4. Materials and Methods

4.1. YAG:Ce synthesis procedure via sol-gel route.

For synthesized compounds were used precursors: Y₂O₃, Al(NO₃)₃·9H₂O, (NH₄)₂Ce(NO₃)₆ and H₃BO₃. Firstly, Y₂O₃ was dissolved in a concentrated nitric acid at 80 °C. After that, nitric acid was evaporated, and the resulting solution was washed with distilled water three times. Every time water was added, the excess water must be evaporated. After washing with distilled H₂O, 200 ml of distilled water was added. Then other precursors (Al(NO₃)₃·9H₂O, (NH₄)₂Ce(NO₃)₆, H₃BO₃) were dissolved in the resulting solution. The solution was left to stir on a magnetic stirrer for 2 hours at about 50 °C. After 2 hours, citric acid is added to the solution in a 1:1 ratio of metal ions and left to stir overnight. Finally, the water evaporated at the same temperature. The resulting gel is dried at a temperature of 400 °C for 24 hours. The synthesized xerogel was first heated in air for 2 hours at 1000 °C with 5°/min heating rate, then also was calcinated in air for 4 hours at 1200 °C with 5°/min heating rate.

4.2. YAG:Ce@SiO₂ synthesis procedure via sol-gel route.

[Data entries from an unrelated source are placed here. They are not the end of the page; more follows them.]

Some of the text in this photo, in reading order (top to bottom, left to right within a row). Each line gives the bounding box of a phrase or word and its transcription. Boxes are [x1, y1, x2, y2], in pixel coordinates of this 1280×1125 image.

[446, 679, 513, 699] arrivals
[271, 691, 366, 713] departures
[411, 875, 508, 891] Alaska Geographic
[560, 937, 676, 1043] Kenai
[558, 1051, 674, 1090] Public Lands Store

The samples were synthesized using the sol-gel method following the procedure described by Kajihara [21] with modified gelation and drying process to obtain crack-free glass. The first step consists of a hydrolysis reaction at room temperature between silicon (Si) organic precursor tetraethoxysilane (TEOS) and deionized water, to which a small amount of nitric acid (HNO₃) and a certain amount of YAG:Ce. The mixture was then stirred for one hour at room temperature to make a homogeneous solution. The molar ratio of TEOS:H₂O:HNO₃ was 1: 22: 0.002. The sol was with pH value between 1 – 2. Then ammonium acetate (AcONH₄) buffer solution in deionized H₂O was added to the prepared sol to increase pH value to ~5 – 6 and stirred for additional 2 minutes at room temperature. Prepared sols were then immediately transferred to the container for drying and left for 30 min in the ultrasonic bath to avoid further gel cracking.

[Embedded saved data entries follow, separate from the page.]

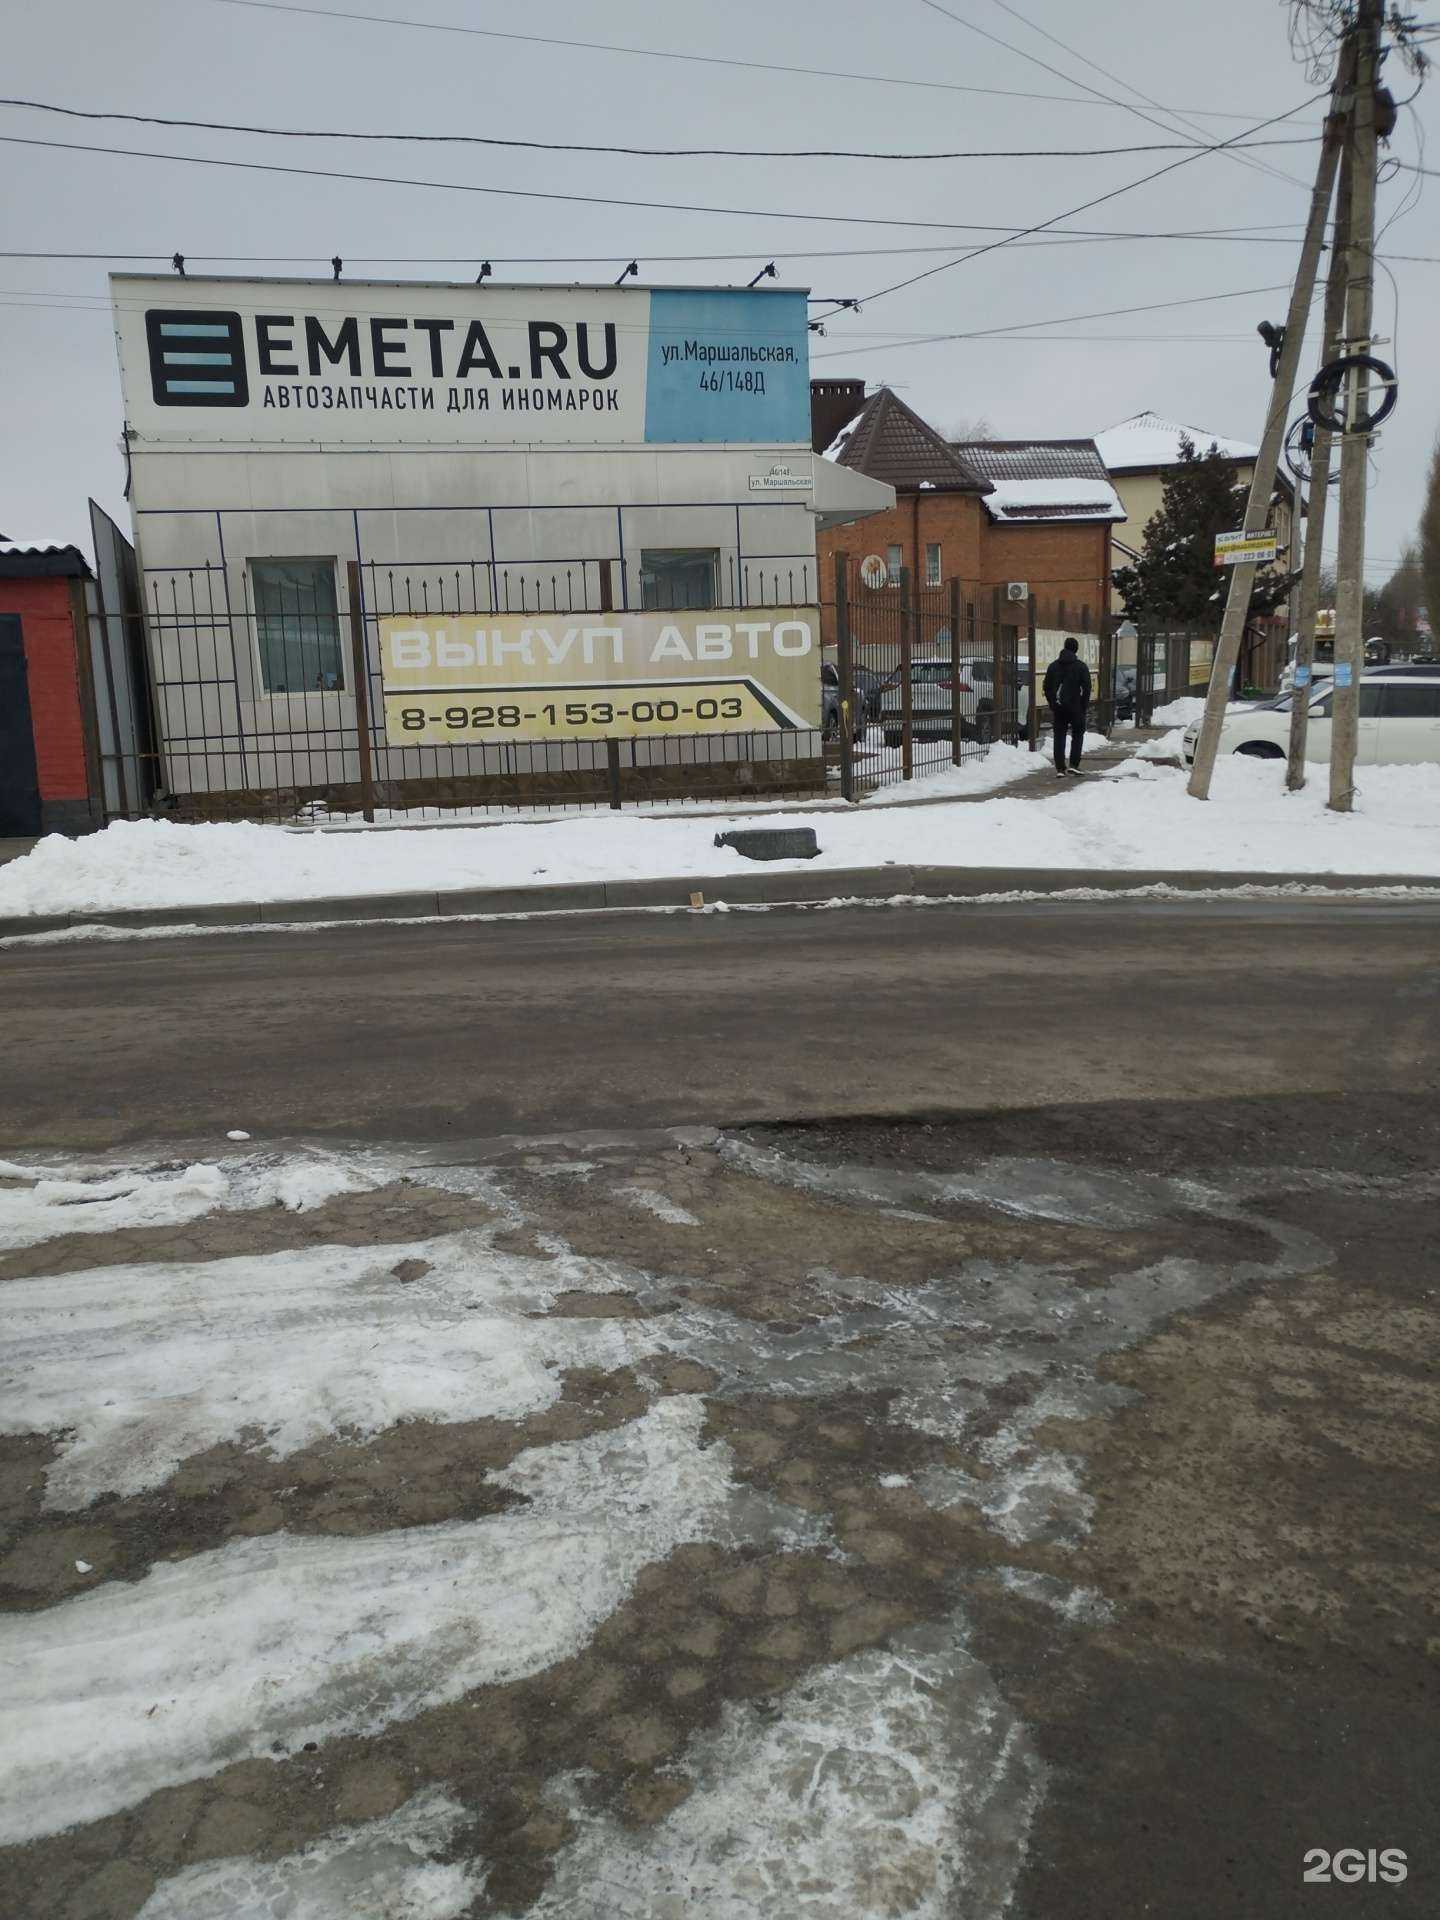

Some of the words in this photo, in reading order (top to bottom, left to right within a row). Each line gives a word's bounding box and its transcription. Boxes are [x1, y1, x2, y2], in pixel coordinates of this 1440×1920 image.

[254, 314, 618, 380] EMETA.RU
[661, 340, 799, 366] ул.Маршальская,
[699, 370, 766, 395] 46/148Д
[263, 384, 435, 411] АВТОЗАПЧАСТИ
[446, 387, 490, 414] ДЛЯ
[502, 387, 620, 412] ИНОМАРОК
[389, 627, 624, 669] ВЫКУП
[649, 621, 812, 661] АВТО
[401, 697, 743, 731] 8-928-153-00-03

Furthermore, the hydrogel was aged slowly in a drying oven starting from room temperature and gradually increasing temperature to 70 °C. The entire drying process took 168 hours. The YAG:Ce@SiO₂ xerogel samples were further used for the post-treatment process at 1000 °C temperature. A xerogel was placed in a quartz tube, heated at a rate of 5 °/min up to the predetermined temperature, and maintained for two hours. Then, translucent YAG:Ce@SiO₂ glass was obtained.

4.3. Characterization.

For phase identification at room temperature the XRD data were collected in 15° – 80° 2θ range (step width of 0.01 °, scan speed 10 °/min, dwell time 5.0 s) using Ni-filtered Cu Kα1 radiation on Rigaku MiniFlexII diffractometer. The measurement current and voltage were set to 15 mA and 30 kV, respectively.

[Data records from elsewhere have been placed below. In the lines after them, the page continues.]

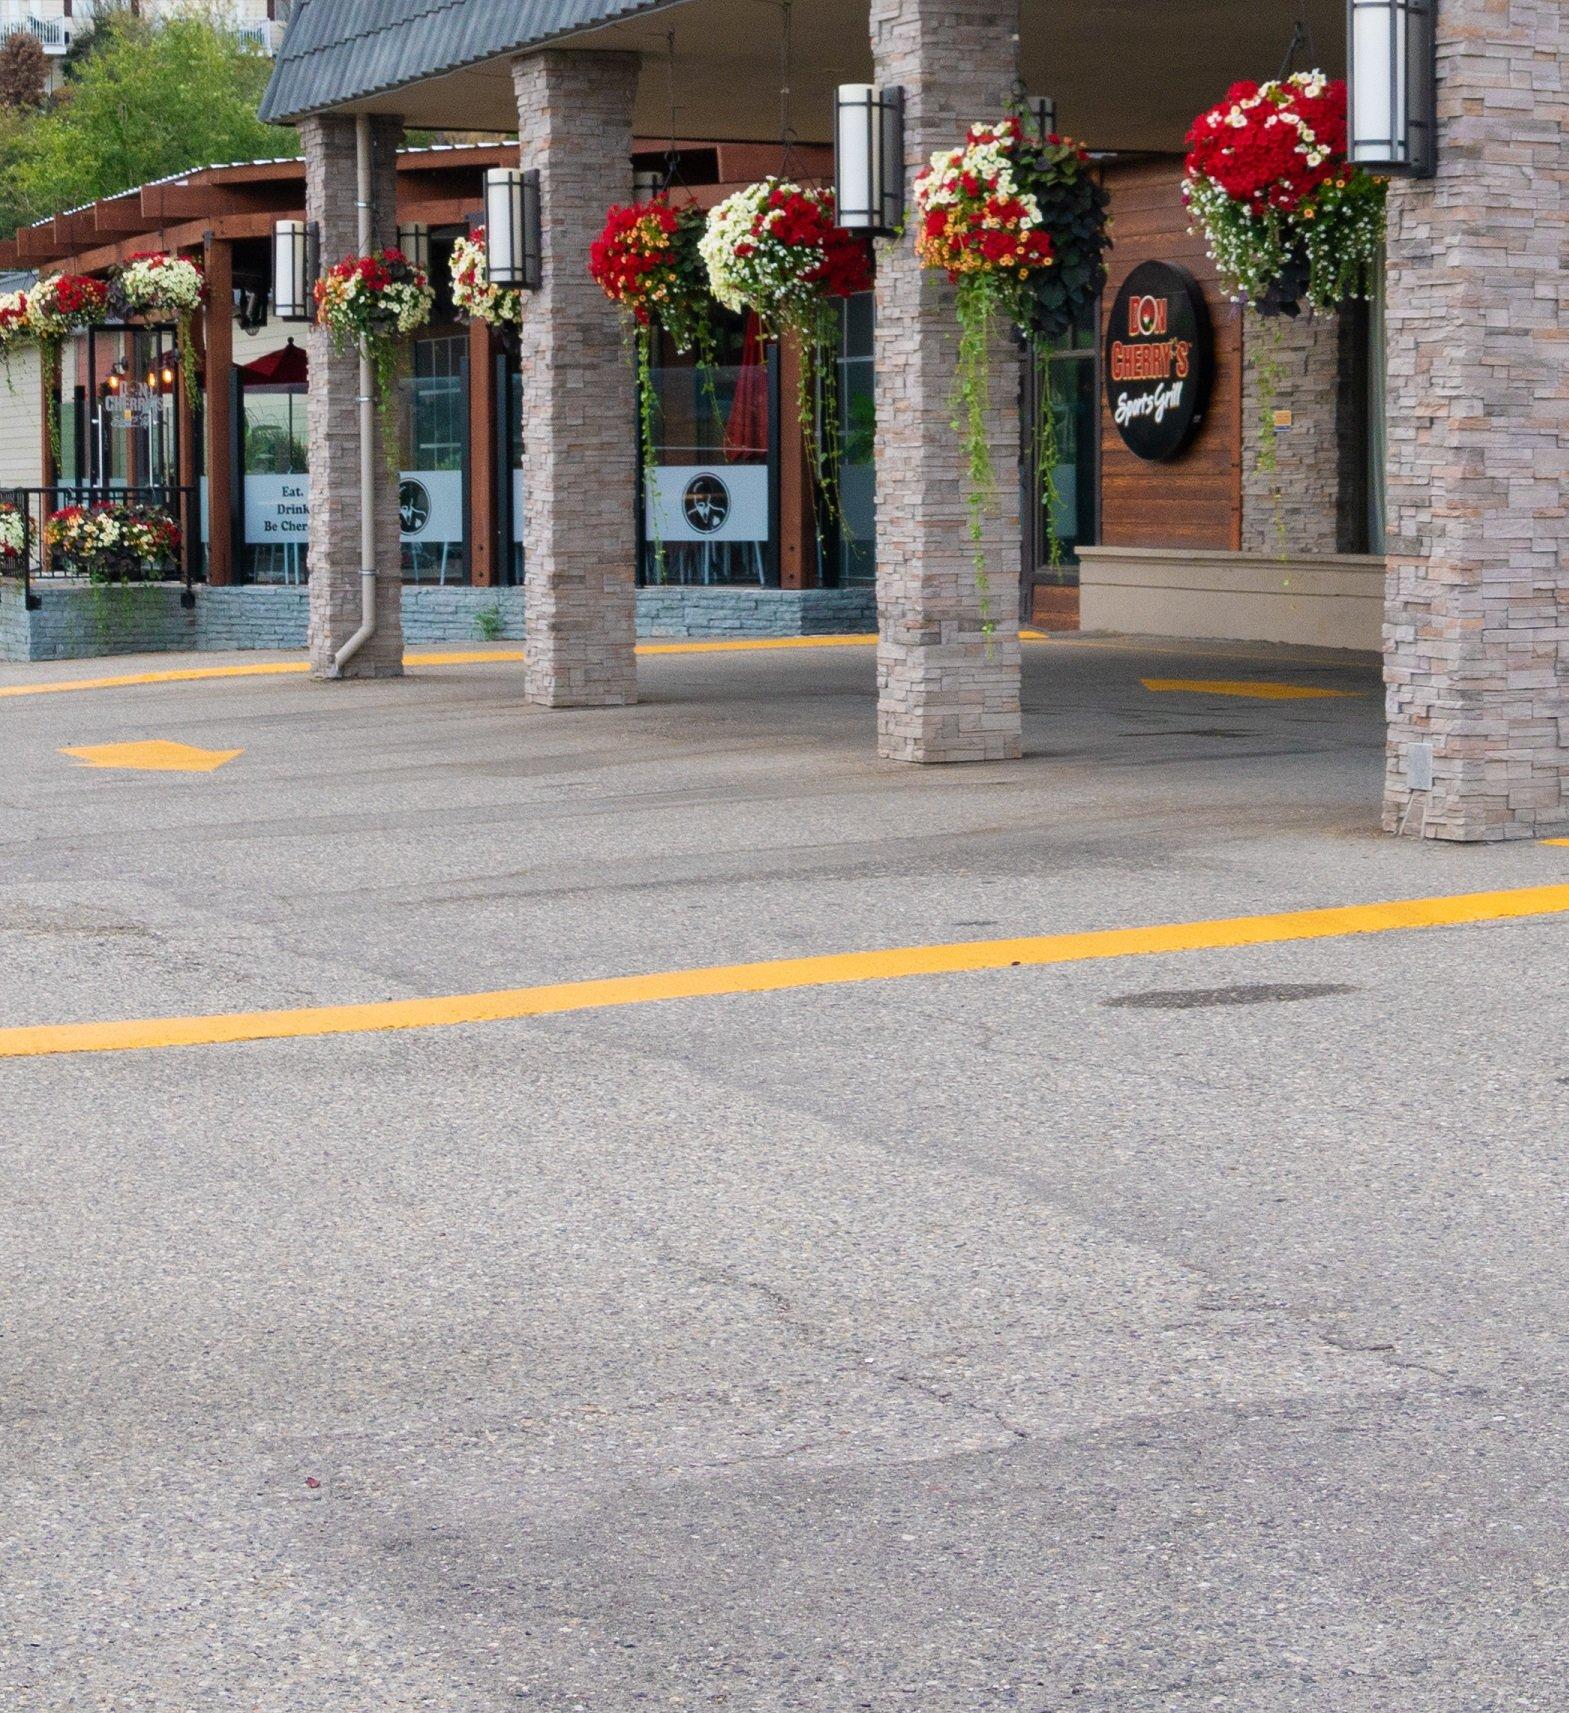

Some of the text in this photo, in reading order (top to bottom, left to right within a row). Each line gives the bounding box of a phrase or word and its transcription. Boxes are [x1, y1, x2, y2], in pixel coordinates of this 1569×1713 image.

[1128, 295, 1168, 337] DON
[1111, 338, 1189, 380] CHERRY'S
[120, 380, 149, 397] DN
[1114, 380, 1184, 427] Sports Grill
[282, 486, 304, 497] Eat.
[277, 503, 310, 515] Drink
[264, 520, 309, 532] Be Cher

Scanning electron microscopy (SEM) micrographs were taken using Hitachi SU-70 SEM. Powder was fixed on a carbon film. The proper magnification was selected, and images were recorded. The particle size measurements were done using open-source Fiji (ImageJ) software by accidently selecting random particles.

Photoluminescence emission and excitation spectra were recorded at room temperature using a spectrometer from Edinburgh Instruments (model: FLS1000-DD-stm) equipped with a CW 450 W Xenon lamp (model: Xe2) and a cooled red photomultiplier tube (model: R928P) for detection. The spectra were corrected for the instrumental response. Photoluminescence decay kinetics were recorded using a pulsed tunable nanosecond Nd:YAG laser NT 342/3UV from Ekspla. An Andor Technologies spectrometer SR-303i-B and a time-resolved CCD camera DH734-18F-A3 were employed to record photoluminescence decay curves at room temperature.